**DATA FOR THIS EXERCISE:**

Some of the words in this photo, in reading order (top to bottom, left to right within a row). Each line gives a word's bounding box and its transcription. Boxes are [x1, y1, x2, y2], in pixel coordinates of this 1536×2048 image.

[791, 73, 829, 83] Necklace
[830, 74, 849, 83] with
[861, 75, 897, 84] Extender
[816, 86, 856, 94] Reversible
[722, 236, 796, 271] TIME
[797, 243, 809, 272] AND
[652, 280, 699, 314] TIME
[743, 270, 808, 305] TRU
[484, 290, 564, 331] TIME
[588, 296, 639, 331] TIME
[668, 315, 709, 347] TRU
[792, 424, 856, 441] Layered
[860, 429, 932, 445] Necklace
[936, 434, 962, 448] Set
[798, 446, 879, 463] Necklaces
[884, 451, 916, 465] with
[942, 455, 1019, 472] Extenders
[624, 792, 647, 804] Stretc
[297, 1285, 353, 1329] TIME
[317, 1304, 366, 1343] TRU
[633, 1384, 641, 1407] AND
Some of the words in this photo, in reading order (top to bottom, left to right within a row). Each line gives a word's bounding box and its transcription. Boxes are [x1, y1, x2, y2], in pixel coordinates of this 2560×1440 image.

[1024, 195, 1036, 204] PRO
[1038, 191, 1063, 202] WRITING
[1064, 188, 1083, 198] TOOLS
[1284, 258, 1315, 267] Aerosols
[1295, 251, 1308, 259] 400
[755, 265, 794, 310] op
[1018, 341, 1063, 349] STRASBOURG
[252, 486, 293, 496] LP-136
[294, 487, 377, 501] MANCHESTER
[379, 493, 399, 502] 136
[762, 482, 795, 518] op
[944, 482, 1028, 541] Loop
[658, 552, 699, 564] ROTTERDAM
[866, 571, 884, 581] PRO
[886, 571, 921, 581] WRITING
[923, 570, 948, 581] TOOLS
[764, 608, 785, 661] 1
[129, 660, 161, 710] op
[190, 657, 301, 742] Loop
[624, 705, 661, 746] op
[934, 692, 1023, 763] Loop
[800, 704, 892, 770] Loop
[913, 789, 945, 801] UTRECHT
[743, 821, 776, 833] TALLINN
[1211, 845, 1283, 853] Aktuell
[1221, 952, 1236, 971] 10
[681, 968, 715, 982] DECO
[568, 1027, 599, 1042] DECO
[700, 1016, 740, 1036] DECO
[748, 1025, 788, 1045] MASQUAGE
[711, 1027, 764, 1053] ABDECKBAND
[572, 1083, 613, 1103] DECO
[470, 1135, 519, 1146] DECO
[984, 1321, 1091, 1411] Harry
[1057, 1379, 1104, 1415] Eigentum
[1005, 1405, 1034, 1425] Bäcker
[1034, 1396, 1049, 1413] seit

**PROMPT:** The answer must contain only the lines from the one with "this 2560×1440 image." to the end of the entries above, each written out exactly.

**TASK SOLUTION:**
Some of the words in this photo, in reading order (top to bottom, left to right within a row). Each line gives a word's bounding box and its transcription. Boxes are [x1, y1, x2, y2], in pixel coordinates of this 2560×1440 image.

[1024, 195, 1036, 204] PRO
[1038, 191, 1063, 202] WRITING
[1064, 188, 1083, 198] TOOLS
[1284, 258, 1315, 267] Aerosols
[1295, 251, 1308, 259] 400
[755, 265, 794, 310] op
[1018, 341, 1063, 349] STRASBOURG
[252, 486, 293, 496] LP-136
[294, 487, 377, 501] MANCHESTER
[379, 493, 399, 502] 136
[762, 482, 795, 518] op
[944, 482, 1028, 541] Loop
[658, 552, 699, 564] ROTTERDAM
[866, 571, 884, 581] PRO
[886, 571, 921, 581] WRITING
[923, 570, 948, 581] TOOLS
[764, 608, 785, 661] 1
[129, 660, 161, 710] op
[190, 657, 301, 742] Loop
[624, 705, 661, 746] op
[934, 692, 1023, 763] Loop
[800, 704, 892, 770] Loop
[913, 789, 945, 801] UTRECHT
[743, 821, 776, 833] TALLINN
[1211, 845, 1283, 853] Aktuell
[1221, 952, 1236, 971] 10
[681, 968, 715, 982] DECO
[568, 1027, 599, 1042] DECO
[700, 1016, 740, 1036] DECO
[748, 1025, 788, 1045] MASQUAGE
[711, 1027, 764, 1053] ABDECKBAND
[572, 1083, 613, 1103] DECO
[470, 1135, 519, 1146] DECO
[984, 1321, 1091, 1411] Harry
[1057, 1379, 1104, 1415] Eigentum
[1005, 1405, 1034, 1425] Bäcker
[1034, 1396, 1049, 1413] seit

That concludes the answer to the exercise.